Long-term care insurance rates are increasing sharply.
An Ayer woman who lost two legs to a flesh-eating bacteria at Emerson Hospital settles a malpractice case for $9.5 million, the Lowell Sun reports.
TRANSPORTATION
Surprise! A train could be shuttling passengers between the South Boston waterfront and Back Bay Station in two years.
ENERGY/ENVIRONMENT
The state’s two leading utilities are raising concerns about the cost of the Patrick administration’s new plan for subsidizing solar power, CommonWealth reports.
State Sen. Robert Hedlund is urging Attorney General Martha Coakley to block changes to the National Flood Insurance program that will levy hefty premium increases on homeowners in Marshfield and Scituate and force some who never had to buy insurance to purchase a policy.

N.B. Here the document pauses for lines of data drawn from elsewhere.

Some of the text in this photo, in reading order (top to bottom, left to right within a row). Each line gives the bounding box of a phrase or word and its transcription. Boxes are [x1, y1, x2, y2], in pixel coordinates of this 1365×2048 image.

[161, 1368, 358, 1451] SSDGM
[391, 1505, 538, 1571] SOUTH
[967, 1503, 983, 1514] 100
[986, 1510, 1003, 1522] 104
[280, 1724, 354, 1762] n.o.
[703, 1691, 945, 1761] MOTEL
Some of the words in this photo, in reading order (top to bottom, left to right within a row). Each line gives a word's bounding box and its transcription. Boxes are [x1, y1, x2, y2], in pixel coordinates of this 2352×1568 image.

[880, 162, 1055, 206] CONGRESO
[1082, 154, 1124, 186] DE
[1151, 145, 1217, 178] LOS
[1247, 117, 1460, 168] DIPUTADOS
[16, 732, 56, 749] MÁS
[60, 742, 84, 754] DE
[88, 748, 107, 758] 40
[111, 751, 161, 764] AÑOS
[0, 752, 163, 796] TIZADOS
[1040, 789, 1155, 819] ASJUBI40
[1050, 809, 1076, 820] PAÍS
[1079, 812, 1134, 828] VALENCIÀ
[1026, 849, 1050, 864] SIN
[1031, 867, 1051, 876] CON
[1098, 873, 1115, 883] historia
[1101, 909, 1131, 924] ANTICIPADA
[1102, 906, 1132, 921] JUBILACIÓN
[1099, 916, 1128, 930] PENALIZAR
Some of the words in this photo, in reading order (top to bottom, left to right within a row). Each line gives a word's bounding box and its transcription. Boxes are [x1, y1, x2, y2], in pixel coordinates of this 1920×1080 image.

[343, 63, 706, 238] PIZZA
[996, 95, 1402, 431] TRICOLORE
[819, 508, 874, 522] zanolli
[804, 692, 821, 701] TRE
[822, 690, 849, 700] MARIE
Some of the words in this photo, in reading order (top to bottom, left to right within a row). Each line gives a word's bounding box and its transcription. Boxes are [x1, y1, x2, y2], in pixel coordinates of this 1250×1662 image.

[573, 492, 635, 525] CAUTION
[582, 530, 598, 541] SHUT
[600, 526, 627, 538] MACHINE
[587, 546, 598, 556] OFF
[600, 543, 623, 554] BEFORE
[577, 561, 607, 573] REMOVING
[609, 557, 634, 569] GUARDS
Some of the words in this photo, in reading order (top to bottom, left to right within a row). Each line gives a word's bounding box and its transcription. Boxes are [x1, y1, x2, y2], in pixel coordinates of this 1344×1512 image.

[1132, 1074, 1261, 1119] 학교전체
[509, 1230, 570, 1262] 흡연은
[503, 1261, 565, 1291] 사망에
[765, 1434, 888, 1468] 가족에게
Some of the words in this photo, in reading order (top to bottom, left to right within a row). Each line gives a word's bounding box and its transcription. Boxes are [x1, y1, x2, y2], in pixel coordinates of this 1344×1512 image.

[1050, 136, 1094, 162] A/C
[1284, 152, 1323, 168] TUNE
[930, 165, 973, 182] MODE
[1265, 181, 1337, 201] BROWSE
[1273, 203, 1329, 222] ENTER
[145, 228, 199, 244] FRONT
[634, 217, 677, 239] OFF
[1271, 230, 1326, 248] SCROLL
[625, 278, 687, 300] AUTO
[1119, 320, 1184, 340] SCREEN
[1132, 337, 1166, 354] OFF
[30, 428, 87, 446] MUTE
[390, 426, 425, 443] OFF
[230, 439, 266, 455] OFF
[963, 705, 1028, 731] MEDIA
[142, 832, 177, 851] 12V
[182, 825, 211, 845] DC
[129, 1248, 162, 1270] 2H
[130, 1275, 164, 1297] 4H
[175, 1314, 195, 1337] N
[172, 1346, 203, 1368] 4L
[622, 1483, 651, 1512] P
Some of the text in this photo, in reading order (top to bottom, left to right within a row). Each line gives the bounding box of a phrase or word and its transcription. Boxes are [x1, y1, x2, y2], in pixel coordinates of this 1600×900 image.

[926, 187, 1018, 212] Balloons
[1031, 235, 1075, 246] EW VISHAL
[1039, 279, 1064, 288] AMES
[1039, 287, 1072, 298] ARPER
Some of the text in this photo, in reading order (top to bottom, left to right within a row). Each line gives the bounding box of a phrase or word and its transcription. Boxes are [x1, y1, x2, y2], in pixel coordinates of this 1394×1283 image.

The last scheduled barge delivery of coal arrives at Salem’s power plant, which is expected to be replaced with a natural gas plant next year, the Salem News reports.
CRIMINAL JUSTICE
The Ocean Club at Quincy’s Marina Bay has agreed to cancel upcoming events after a dozen overdoses over the summer and another 12 arrests from the party drug Molly. A spokesman for Mayor Thomas Koch says it’s unlikely the club will ever open its doors again. Greater Boston explores why the drug is becoming so popular among young clubgoers.